Daniel Fawcett, RTPI Scotland Intern Project Officer, looks at the key thoughts running through the recently-published independent review of the Planning system.
In September 2015 the Scottish Government appointed an independent panel to produce a ‘game changing’ review of the Scottish planning system. The report containing the panel’s findings and recommendations, Empowering Planning to Deliver Great Places, was published on May 31st 2016.
The report takes a largely positive approach to the potential of planning. The recommendations focus on how planning can serve as a tool for creating great places, increasing our rate of home-building, and encouraging sustainable growth.
It looks to strengthen the plan-led system, with clearer development plans that take less time to prepare, remain in place for longer, and articulate a long-term vision. This would be underpinned by greater public input, with more frontloaded and innovative community engagement, empowered communities bringing forward local place plans, and statutory links with community planning.
It also recommends the public sector become bolder and more proactive, with access to a greater range of policy tools and powers – particularly to boost housing development. This would be supported through an ‘infrastructure-first’ approach, where the infrastructure needed to ensure delivery would be front-funded via dedicated funds and government guarantees.
The report also recognises the need to support planners in these new roles, recommending increased planning fees, the up-skilling of planners in key topics, and the sharing of specialist staff across multiple authorities. At the corporate level, planning should become more central to local authority working, building links across services. It also recommends investment in IT systems that can support planners in many of these goals.

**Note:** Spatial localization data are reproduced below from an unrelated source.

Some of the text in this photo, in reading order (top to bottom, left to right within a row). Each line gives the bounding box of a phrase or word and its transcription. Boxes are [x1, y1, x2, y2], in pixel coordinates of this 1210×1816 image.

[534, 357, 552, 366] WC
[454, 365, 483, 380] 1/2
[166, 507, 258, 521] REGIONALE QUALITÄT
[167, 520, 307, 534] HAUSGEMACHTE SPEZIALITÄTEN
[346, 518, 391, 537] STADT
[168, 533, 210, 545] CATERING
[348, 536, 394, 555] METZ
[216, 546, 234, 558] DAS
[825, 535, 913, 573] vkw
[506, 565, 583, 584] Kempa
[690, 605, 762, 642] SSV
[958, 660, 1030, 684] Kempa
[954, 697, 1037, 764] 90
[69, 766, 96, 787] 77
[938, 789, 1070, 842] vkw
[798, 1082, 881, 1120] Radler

In truth, these are just some of the report’s recommendations – there are forty eight in total and it would be extremely difficult to summarise them in a five-hundred word blog post. However, what can be pulled out is a recurring theme – that empowered planners are more effective in how they operate, and that such empowerment can create a greater certainty for those living and investing in our built environment. The report also acknowledges that development issues in Scotland are complex, and that the planning system is not generally the main impediment.
The written evidence RTPI Scotland submitted to the review outlined four principles that should underpin the planning system; it should be delivery and outcome focused, treated as a corporate function within both local authorities and Scottish Government, proactive and frontloaded, and resourced in ways that add value. This thinking carried through to Planning in the Next Parliament, our manifesto for the recent Scottish elections.
As such, RTPI Scotland broadly welcomes the panel’s key message – that planners, planning and the planning system can play distinct and positive roles in how our places will grow. We share their opinions that planning can play a proactive role in creating a sustainable and fairer Scotland, but that a fundamental shift in thinking is needed to achieve this.
The report provides a useful and welcome building block on which to take forward a more proactive planning system. RTPI Scotland looks forward to working with Scottish Government and other key players to meet the review’s aims of “re-establishing the profession as a leader, an innovator and, a strong and effective advocate for the public interest”.